■ **Problem to work on**
The answer should consist of the records below, repeated exactly, and no pictures.

(Data entries)
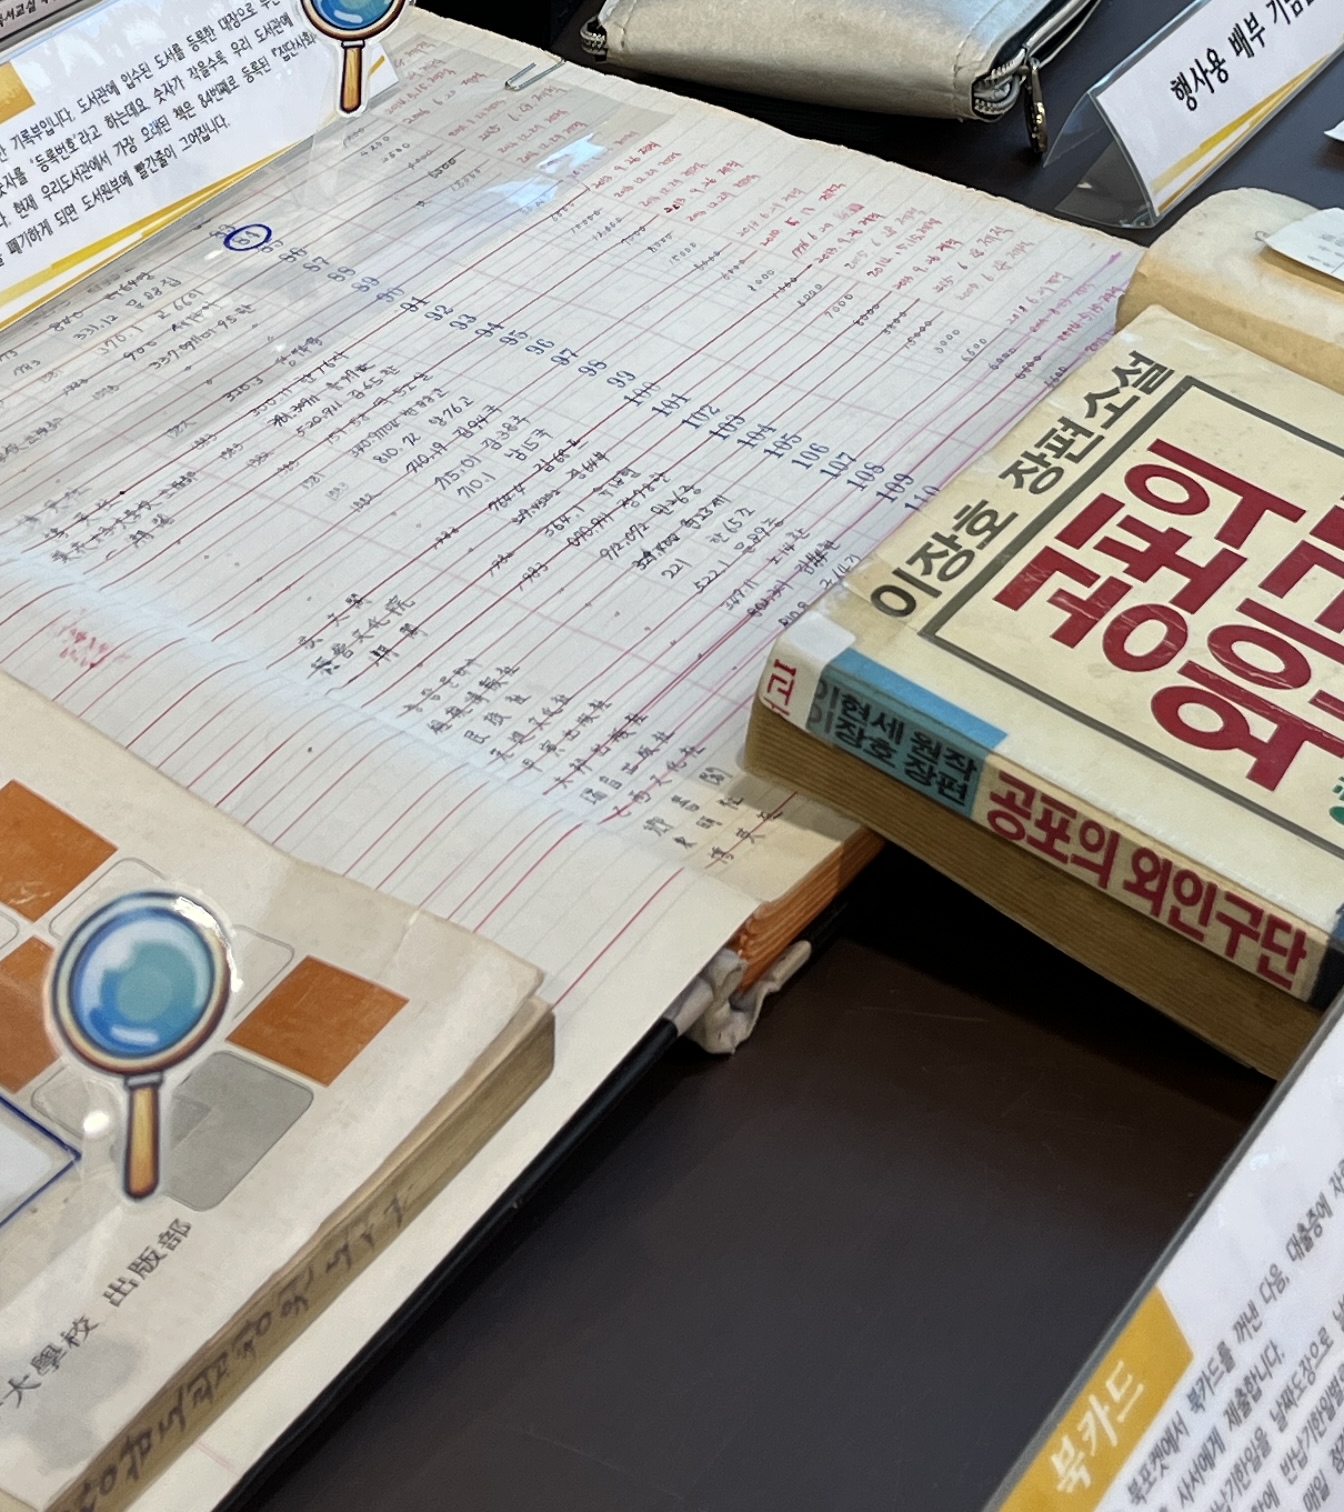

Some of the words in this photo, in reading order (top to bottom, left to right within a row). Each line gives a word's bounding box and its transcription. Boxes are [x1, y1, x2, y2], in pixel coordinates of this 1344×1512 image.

[9, 110, 76, 152] 기록부입니다.
[76, 79, 122, 114] 도서관에
[121, 61, 154, 92] 입수된
[154, 42, 187, 71] 도서를
[186, 24, 217, 53] 등록한
[217, 3, 258, 33] 대장으로
[152, 74, 185, 105] 숫자가
[186, 49, 230, 80] 작을수록
[230, 35, 253, 59] 우리
[253, 11, 295, 45] 도서관에
[1169, 45, 1232, 113] 행사용
[1227, 11, 1268, 61] 배부
[6, 218, 54, 255] 폐기하게
[53, 202, 79, 228] 되면
[80, 168, 134, 212] 도서원부에
[134, 143, 179, 181] 빨간줄이
[180, 113, 232, 153] 그어집니다.
[12, 193, 39, 221] 현재
[40, 149, 113, 204] 우리도서관에서
[112, 136, 138, 163] 가장
[140, 114, 172, 145] 오래된
[173, 98, 197, 122] 책은
[200, 74, 242, 110] 84번째로
[241, 56, 273, 85] 등록된
[400, 295, 430, 313] 91
[424, 304, 455, 322] 92
[474, 321, 505, 339] 94
[525, 338, 556, 356] 96
[577, 358, 609, 377] 98
[623, 379, 662, 409] 100
[681, 403, 722, 430] 102
[763, 431, 803, 461] 105
[820, 450, 858, 482] 107
[869, 497, 1021, 620] 이장호
[998, 349, 1177, 499] 장편소설
[875, 471, 916, 505] 109
[992, 438, 1307, 675] 공포의
[807, 698, 899, 769] 이장호
[905, 751, 968, 806] 장편
[815, 677, 905, 749] 이현세
[911, 724, 979, 777] 원작
[986, 766, 1120, 889] 공포의
[1122, 844, 1308, 990] 외인구단
[1126, 1409, 1191, 1508] 북포켓에서
[1186, 1339, 1237, 1416] 북카드를
[1232, 1301, 1264, 1345] 꺼낸
[1258, 1262, 1292, 1307] 다음,
[1285, 1191, 1335, 1263] 대출증에
[1269, 1325, 1336, 1434] 날짜도장으로
[1050, 1359, 1145, 1494] 북카드
[1176, 1425, 1227, 1509] 사서에게
[1222, 1339, 1287, 1433] 제출합니다.
[1302, 1468, 1332, 1512] 매일
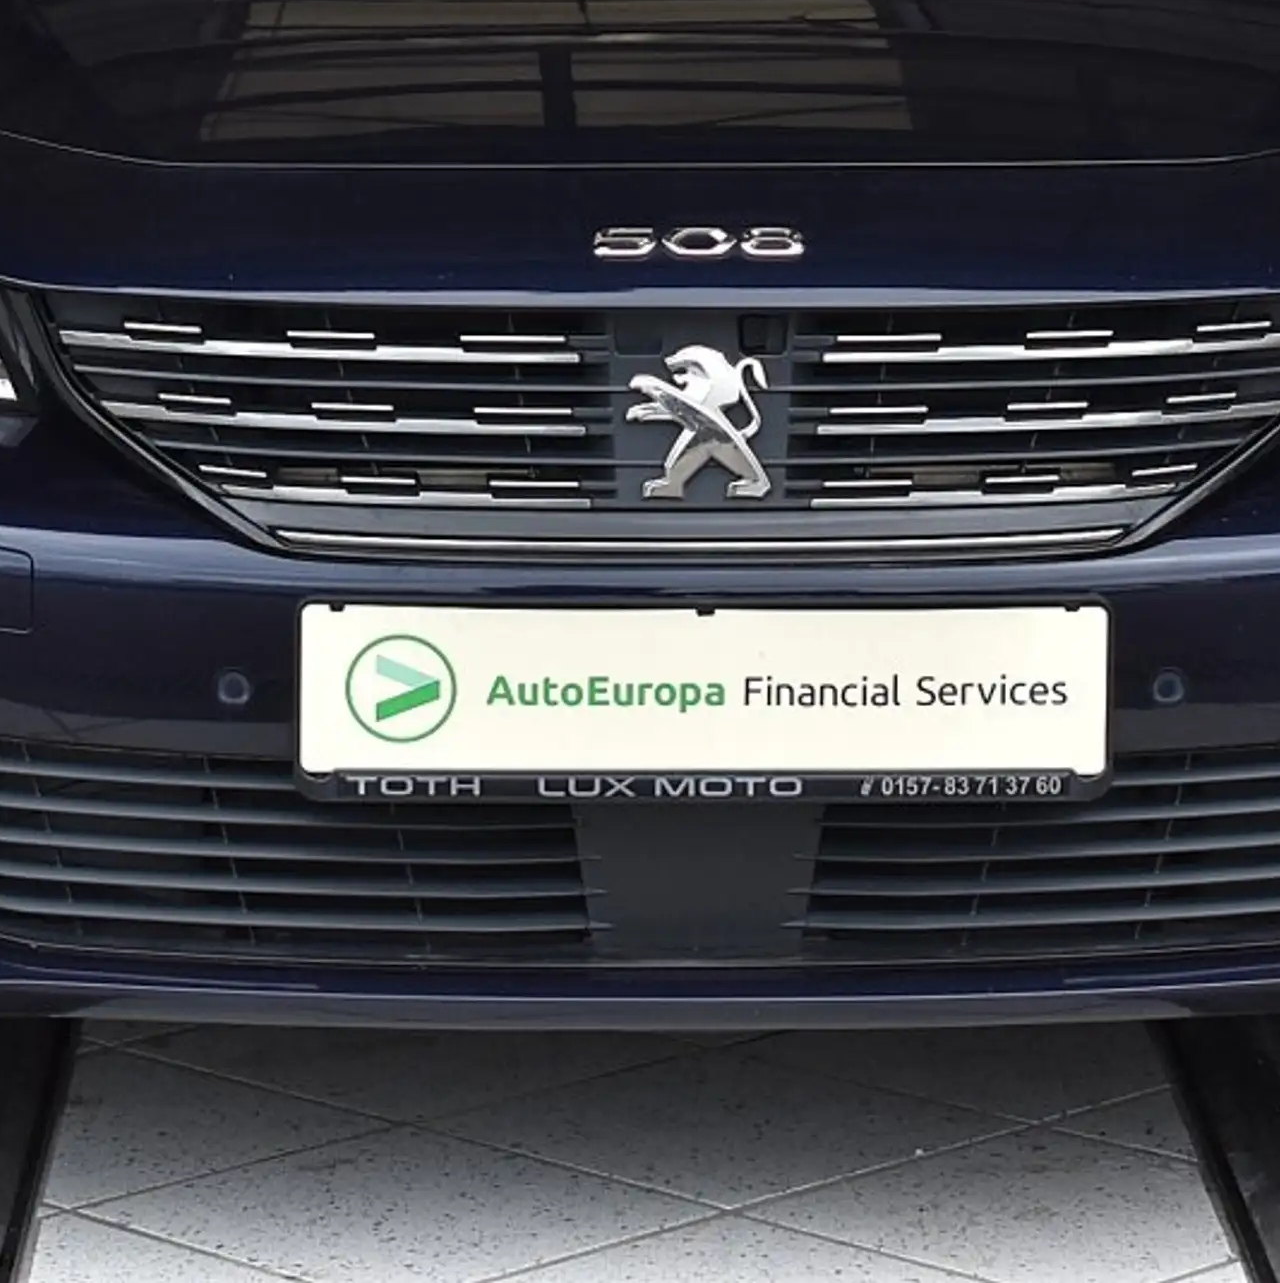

■ **The answer**
Some of the words in this photo, in reading order (top to bottom, left to right within a row). Each line gives a word's bounding box and its transcription. Boxes are [x1, y1, x2, y2], in pixel coordinates of this 1344×1512 image.

[9, 110, 76, 152] 기록부입니다.
[76, 79, 122, 114] 도서관에
[121, 61, 154, 92] 입수된
[154, 42, 187, 71] 도서를
[186, 24, 217, 53] 등록한
[217, 3, 258, 33] 대장으로
[152, 74, 185, 105] 숫자가
[186, 49, 230, 80] 작을수록
[230, 35, 253, 59] 우리
[253, 11, 295, 45] 도서관에
[1169, 45, 1232, 113] 행사용
[1227, 11, 1268, 61] 배부
[6, 218, 54, 255] 폐기하게
[53, 202, 79, 228] 되면
[80, 168, 134, 212] 도서원부에
[134, 143, 179, 181] 빨간줄이
[180, 113, 232, 153] 그어집니다.
[12, 193, 39, 221] 현재
[40, 149, 113, 204] 우리도서관에서
[112, 136, 138, 163] 가장
[140, 114, 172, 145] 오래된
[173, 98, 197, 122] 책은
[200, 74, 242, 110] 84번째로
[241, 56, 273, 85] 등록된
[400, 295, 430, 313] 91
[424, 304, 455, 322] 92
[474, 321, 505, 339] 94
[525, 338, 556, 356] 96
[577, 358, 609, 377] 98
[623, 379, 662, 409] 100
[681, 403, 722, 430] 102
[763, 431, 803, 461] 105
[820, 450, 858, 482] 107
[869, 497, 1021, 620] 이장호
[998, 349, 1177, 499] 장편소설
[875, 471, 916, 505] 109
[992, 438, 1307, 675] 공포의
[807, 698, 899, 769] 이장호
[905, 751, 968, 806] 장편
[815, 677, 905, 749] 이현세
[911, 724, 979, 777] 원작
[986, 766, 1120, 889] 공포의
[1122, 844, 1308, 990] 외인구단
[1126, 1409, 1191, 1508] 북포켓에서
[1186, 1339, 1237, 1416] 북카드를
[1232, 1301, 1264, 1345] 꺼낸
[1258, 1262, 1292, 1307] 다음,
[1285, 1191, 1335, 1263] 대출증에
[1269, 1325, 1336, 1434] 날짜도장으로
[1050, 1359, 1145, 1494] 북카드
[1176, 1425, 1227, 1509] 사서에게
[1222, 1339, 1287, 1433] 제출합니다.
[1302, 1468, 1332, 1512] 매일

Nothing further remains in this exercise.